Different art appeals to different people, just like some prefer the mountains over the beach.  Mountain lovers are drawn to artwork that reminds them of the mountains, even if it's just color similarities, and they are not entirely sure why they like a particular painting over another.  From the looks of my artwork, I don't think I could live anywhere without trees.  Some people are captivated by photo-realistic paintings while others enjoy impressionistic or abstract paintings.  I appreciate the craftsmanship that goes into photo-realistic painting, but I would rather gaze for hours at a painting with many loose brush strokes.
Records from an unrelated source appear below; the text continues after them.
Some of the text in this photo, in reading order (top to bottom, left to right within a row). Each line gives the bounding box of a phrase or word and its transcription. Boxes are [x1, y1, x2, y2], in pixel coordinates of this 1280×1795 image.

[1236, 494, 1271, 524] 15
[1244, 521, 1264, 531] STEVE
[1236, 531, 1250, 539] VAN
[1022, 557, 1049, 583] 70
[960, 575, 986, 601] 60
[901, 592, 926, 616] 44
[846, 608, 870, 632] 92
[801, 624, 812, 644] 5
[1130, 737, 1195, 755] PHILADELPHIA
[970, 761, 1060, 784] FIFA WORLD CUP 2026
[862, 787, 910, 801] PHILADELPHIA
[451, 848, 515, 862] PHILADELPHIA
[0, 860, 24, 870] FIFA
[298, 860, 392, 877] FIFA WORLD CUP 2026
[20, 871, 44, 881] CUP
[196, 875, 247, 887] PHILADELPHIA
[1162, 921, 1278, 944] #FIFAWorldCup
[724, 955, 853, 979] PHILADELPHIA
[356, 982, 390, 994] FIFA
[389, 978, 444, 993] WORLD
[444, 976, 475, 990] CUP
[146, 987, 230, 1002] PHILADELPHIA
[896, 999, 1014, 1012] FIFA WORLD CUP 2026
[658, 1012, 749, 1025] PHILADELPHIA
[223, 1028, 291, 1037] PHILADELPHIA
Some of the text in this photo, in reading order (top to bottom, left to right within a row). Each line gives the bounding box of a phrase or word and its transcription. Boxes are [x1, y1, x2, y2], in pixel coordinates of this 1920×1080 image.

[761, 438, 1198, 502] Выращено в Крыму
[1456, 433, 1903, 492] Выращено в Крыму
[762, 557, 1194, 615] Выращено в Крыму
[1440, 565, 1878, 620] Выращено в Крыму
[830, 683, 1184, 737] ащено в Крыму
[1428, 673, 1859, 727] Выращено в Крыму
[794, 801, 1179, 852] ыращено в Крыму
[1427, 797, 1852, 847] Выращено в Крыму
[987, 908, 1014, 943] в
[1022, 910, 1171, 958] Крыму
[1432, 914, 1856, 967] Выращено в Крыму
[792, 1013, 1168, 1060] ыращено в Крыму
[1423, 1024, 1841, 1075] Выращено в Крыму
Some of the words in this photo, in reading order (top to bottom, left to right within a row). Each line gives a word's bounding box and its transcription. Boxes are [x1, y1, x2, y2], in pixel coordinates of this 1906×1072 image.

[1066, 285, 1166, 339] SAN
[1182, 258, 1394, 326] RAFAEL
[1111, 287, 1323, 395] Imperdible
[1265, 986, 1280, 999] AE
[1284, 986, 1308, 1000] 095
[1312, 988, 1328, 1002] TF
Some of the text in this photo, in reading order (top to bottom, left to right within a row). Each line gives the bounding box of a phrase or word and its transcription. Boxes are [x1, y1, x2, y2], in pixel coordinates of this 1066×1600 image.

As an art teacher, one of my biggest goals is to teach my students to see beauty and the potential for beauty in everything from the small and common to the large and magnificent.  Seeing beauty in the sky is not hard if you just pause to look at it from time to time.  Seeing the beauty in the lines of a chair is slightly more difficult.  Seeing the potential for beauty in something empty, like a blank canvas, is much harder.  You must imagine beauty before it can be created.  As Michelangelo once said, "I saw the angel in the marble and carved until I set him free."  I think God wants us to enjoy the insignificant and the impressive, love the landscape of each moment and look forward to what's next, love people where they are, envision where they are going, and see the potential for beauty in the places they are lacking; approach all of life as art in the making.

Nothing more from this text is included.